▸ What you should do
Across the entries below, the lines containing "WAKA" should be counted and only their number returned.

[Opening Material provided section]

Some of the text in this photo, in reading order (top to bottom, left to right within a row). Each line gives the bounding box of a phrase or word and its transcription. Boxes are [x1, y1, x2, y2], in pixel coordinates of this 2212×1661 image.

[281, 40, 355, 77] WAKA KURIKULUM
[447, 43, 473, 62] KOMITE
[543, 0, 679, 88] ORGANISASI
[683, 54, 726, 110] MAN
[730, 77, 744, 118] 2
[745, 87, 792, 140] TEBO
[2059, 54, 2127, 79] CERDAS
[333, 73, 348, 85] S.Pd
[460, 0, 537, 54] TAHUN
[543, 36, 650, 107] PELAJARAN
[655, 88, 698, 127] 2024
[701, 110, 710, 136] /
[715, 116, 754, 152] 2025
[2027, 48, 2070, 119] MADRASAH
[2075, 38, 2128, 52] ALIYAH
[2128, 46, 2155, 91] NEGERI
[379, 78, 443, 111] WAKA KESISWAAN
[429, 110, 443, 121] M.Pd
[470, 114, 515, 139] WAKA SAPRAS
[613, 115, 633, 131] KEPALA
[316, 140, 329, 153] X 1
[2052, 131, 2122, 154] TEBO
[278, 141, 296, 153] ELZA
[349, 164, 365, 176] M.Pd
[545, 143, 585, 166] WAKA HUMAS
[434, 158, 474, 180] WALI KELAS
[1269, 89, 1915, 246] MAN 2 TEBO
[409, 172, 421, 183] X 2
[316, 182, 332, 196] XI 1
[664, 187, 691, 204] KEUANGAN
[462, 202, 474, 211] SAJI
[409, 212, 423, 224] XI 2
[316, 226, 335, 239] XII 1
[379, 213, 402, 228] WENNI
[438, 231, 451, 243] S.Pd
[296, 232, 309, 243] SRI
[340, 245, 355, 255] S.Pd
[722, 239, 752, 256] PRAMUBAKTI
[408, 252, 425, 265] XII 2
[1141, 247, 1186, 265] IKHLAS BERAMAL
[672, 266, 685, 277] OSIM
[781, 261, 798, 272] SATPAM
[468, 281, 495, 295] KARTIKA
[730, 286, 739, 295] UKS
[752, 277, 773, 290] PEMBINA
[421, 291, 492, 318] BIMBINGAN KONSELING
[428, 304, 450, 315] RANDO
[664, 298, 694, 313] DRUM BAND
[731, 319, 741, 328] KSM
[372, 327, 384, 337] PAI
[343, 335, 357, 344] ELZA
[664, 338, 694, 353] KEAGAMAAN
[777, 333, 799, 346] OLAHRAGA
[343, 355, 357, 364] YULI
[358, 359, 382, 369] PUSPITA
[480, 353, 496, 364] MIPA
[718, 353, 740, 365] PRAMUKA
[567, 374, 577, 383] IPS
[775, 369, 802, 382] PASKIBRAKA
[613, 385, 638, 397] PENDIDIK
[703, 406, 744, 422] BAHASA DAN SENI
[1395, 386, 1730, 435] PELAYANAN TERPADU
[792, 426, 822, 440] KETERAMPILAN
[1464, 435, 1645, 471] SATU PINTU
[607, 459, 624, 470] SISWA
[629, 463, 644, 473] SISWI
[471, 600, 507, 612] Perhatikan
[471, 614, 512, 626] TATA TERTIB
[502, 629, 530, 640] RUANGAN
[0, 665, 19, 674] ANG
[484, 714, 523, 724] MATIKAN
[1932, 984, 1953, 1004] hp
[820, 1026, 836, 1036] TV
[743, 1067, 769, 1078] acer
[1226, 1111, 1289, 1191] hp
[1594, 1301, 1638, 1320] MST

[Closing Material provided section]

▸ Exercise result
4